Medicine and Health
Real-time deep learning-assisted mechano-acoustic system for respiratory diagnosis and multifunctional classification
H. K. Lee, S. U. Park, et al.
Discover an innovative approach to real-time respiratory pattern monitoring using a wireless mechano-acoustic sensor integrated with a deep learning system. This groundbreaking research conducted by Hee Kyu Lee, Sang Uk Park, Sunga Kong, Heyin Ryu, Hyun Bin Kim, Sang Hoon Lee, Danbee Kang, Sun Hye Shin, Ki Jun Yu, Juhee Cho, Joohoon Kang, Il Yong Chun, Hye Yun Park, and Sang Min Won could revolutionize COPD diagnosis, providing a promising alternative to traditional spirometry.
~3 min • Beginner • English
Introduction
The study addresses the need for robust, real-time, noninvasive monitoring and classification of respiratory-related signals, including COPD severity, using epidermal mechano-acoustic sensing at the laryngeal area coupled with deep learning. Existing clinical diagnostics like spirometry, while standard for COPD, require trained staff, clinical settings, and strong patient cooperation, contributing to underutilization and reduced diagnosis rates. Flexible epidermal sensors and digital processing can capture high-resolution physiological signals with improved coupling and SNR, but prior systems often relied on microphones susceptible to environmental noise and lacked real-time operation. The purpose is to develop and validate a wireless, flexible, skin-mounted accelerometer-based mechano-acoustic system with a mobile interface and a server-side multi-modal deep learning pipeline to classify spoken phrases, user and gender characteristics, and COPD severity in real time.
Literature Review
Prior work has demonstrated that mechano-acoustic and acoustic sensing of vocal fold oscillations can reflect respiration, phonation, and cardiac activity, typically processed in the frequency domain. Microphone-based COPD studies extracted acoustic parameters (e.g., jitter, shimmer) to distinguish patient characteristics, but these approaches are noise-prone, lack real-time monitoring, and often have limited operational durations. Long-term monitoring has shown systematic changes in COPD patients’ outputs relative to short-term observations, underscoring the need for stable attachment and comfort. Mechano-acoustic approaches are less susceptible to ambient noise than microphones and can maintain high SNR via conformal skin contact. Emerging deep learning methods for speech and biomedical acoustics motivate multi-feature spectral representations (mel spectrum, MFCC, chroma) and CNN-based models for improved classification.
Methodology
Hardware and device: A flexible, epidermally mounted mechano-acoustic sensor is built on a flexible PCB housing active and passive components, including a triaxial accelerometer and a Bluetooth Low Energy (BLE) SoC. The sensor is encapsulated in PDMS (elastic modulus ~1.32 MPa) to ensure conformal contact and durability during repeated bending. A polypropylene film (elastic modulus ~1.3 GPa) enhances structural integrity and reduces skin strain during removal. Medical-grade silicone/acrylic adhesive provides stable, biocompatible skin attachment with adhesion strength ~−90 N m−1 and peel strength ~−60 N m−1 after 24 h. Power is supplied by a 3.3 V CR2032 coin cell (240 mAh). The system samples the accelerometer at 1 kHz (z-axis SAADC channel; accelerometer bandwidth ~500 Hz) and streams data wirelessly via BLE to a tablet application and then to a server.

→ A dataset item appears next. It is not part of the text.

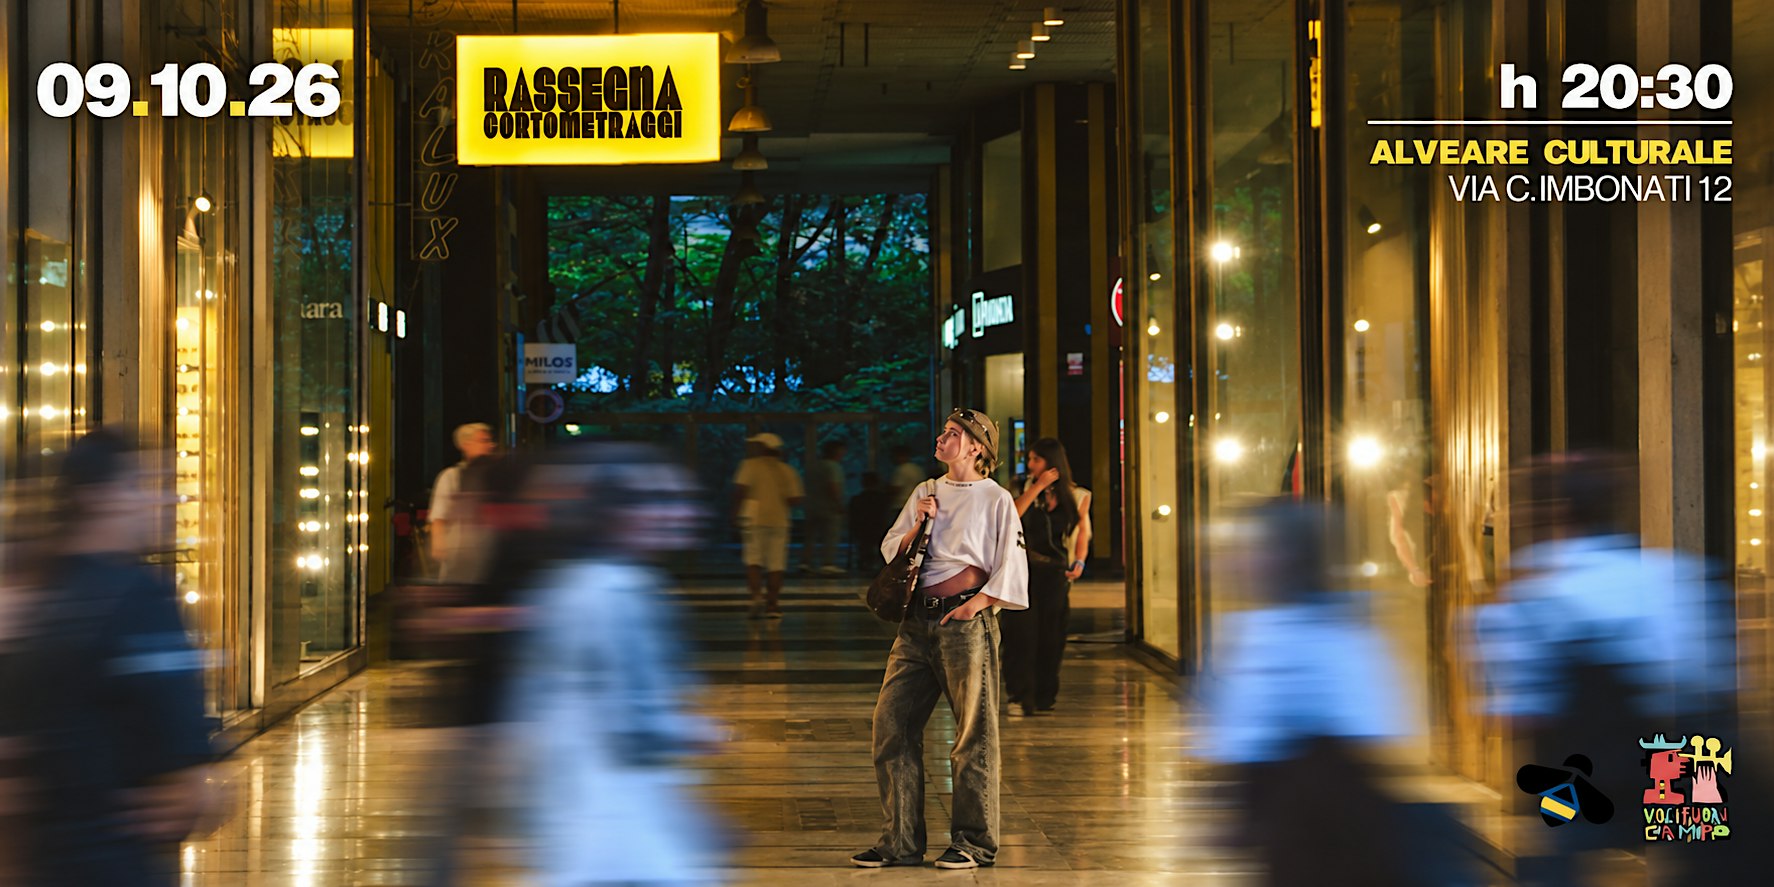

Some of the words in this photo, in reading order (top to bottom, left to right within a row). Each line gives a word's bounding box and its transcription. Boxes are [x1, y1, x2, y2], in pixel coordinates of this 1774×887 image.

Wireless pipeline and UI: Sensor readings are transmitted to the SoC GPIO, digitized, and relayed via BLE to a tablet app that provides real-time visualization and buffering. The app forwards raw data to a server through a cloud database, enabling two-way communication: the server retrieves data for processing and returns classification results to the app. End-to-end round-trip (capture to classification result) is about 1 second with minimal packet loss.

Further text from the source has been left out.